- Work to complete -
A verbatim copy of all the data is required, minus any images.

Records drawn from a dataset
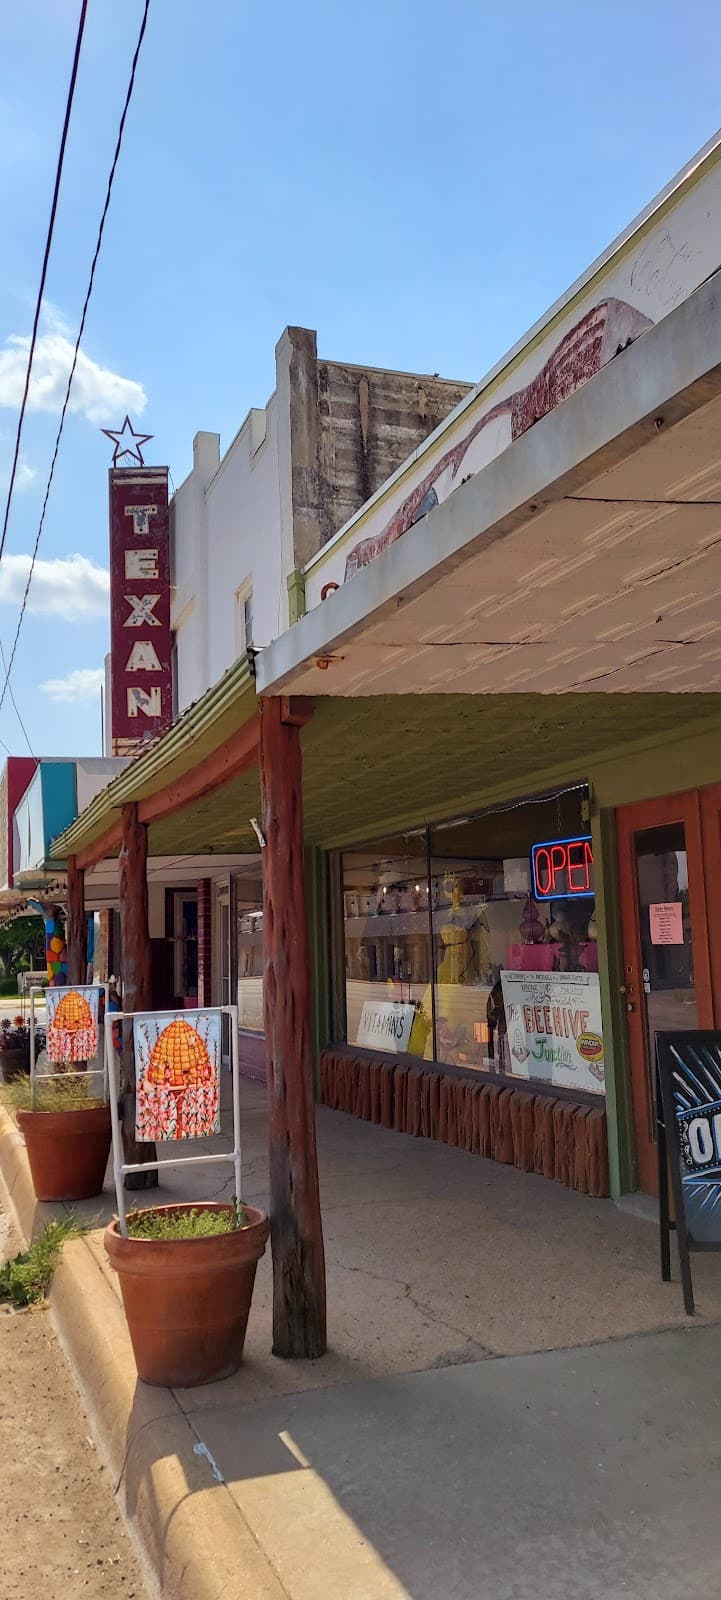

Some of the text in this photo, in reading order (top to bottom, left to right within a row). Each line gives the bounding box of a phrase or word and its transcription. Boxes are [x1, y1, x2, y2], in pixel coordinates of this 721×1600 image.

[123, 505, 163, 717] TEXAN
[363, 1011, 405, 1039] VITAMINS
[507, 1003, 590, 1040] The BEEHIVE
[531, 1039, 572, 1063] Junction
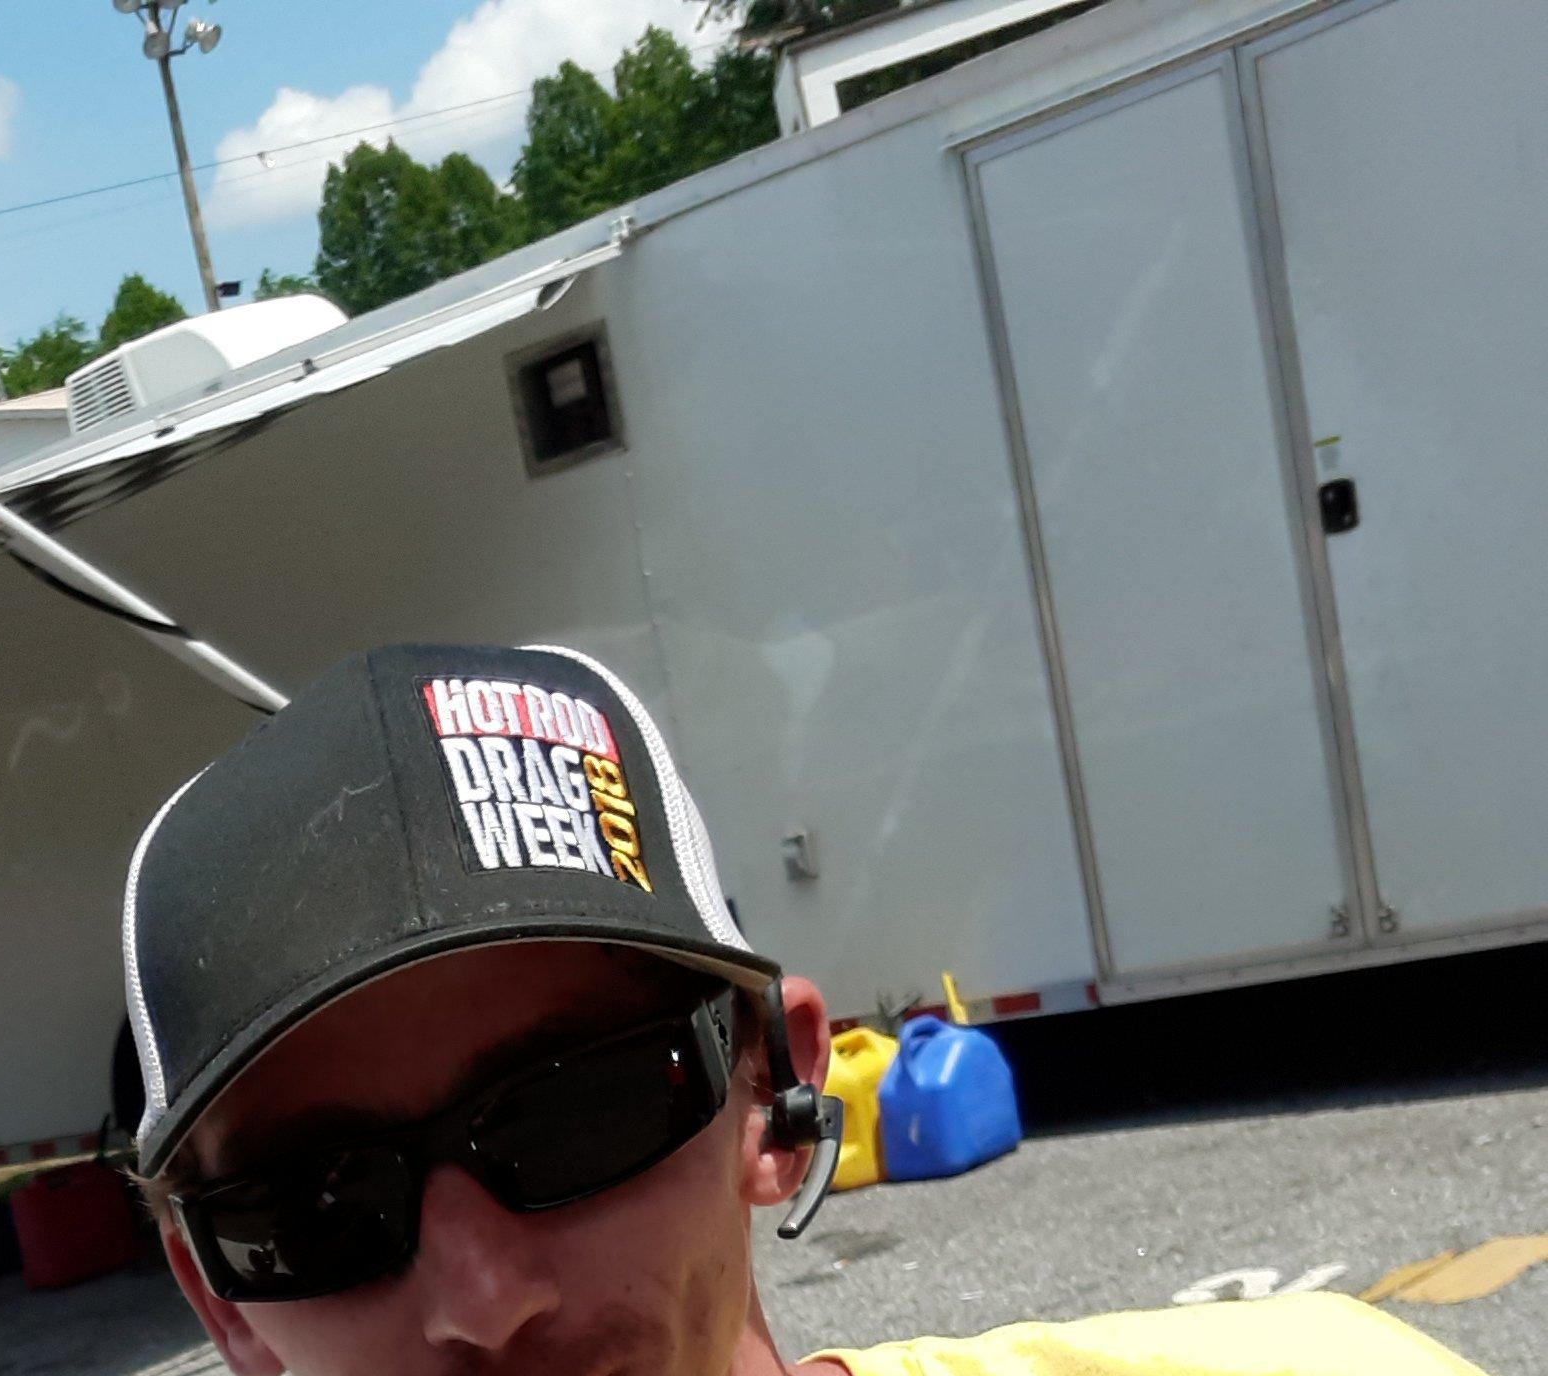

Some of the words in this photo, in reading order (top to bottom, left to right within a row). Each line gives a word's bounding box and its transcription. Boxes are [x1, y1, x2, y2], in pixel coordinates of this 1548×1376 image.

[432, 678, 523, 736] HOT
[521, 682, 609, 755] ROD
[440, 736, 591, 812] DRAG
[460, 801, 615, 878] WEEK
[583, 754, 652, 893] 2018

- Result of the task -
Some of the text in this photo, in reading order (top to bottom, left to right within a row). Each line gives the bounding box of a phrase or word and its transcription. Boxes are [x1, y1, x2, y2], in pixel coordinates of this 721×1600 image.

[123, 505, 163, 717] TEXAN
[363, 1011, 405, 1039] VITAMINS
[507, 1003, 590, 1040] The BEEHIVE
[531, 1039, 572, 1063] Junction

Some of the words in this photo, in reading order (top to bottom, left to right within a row). Each line gives a word's bounding box and its transcription. Boxes are [x1, y1, x2, y2], in pixel coordinates of this 1548×1376 image.

[432, 678, 523, 736] HOT
[521, 682, 609, 755] ROD
[440, 736, 591, 812] DRAG
[460, 801, 615, 878] WEEK
[583, 754, 652, 893] 2018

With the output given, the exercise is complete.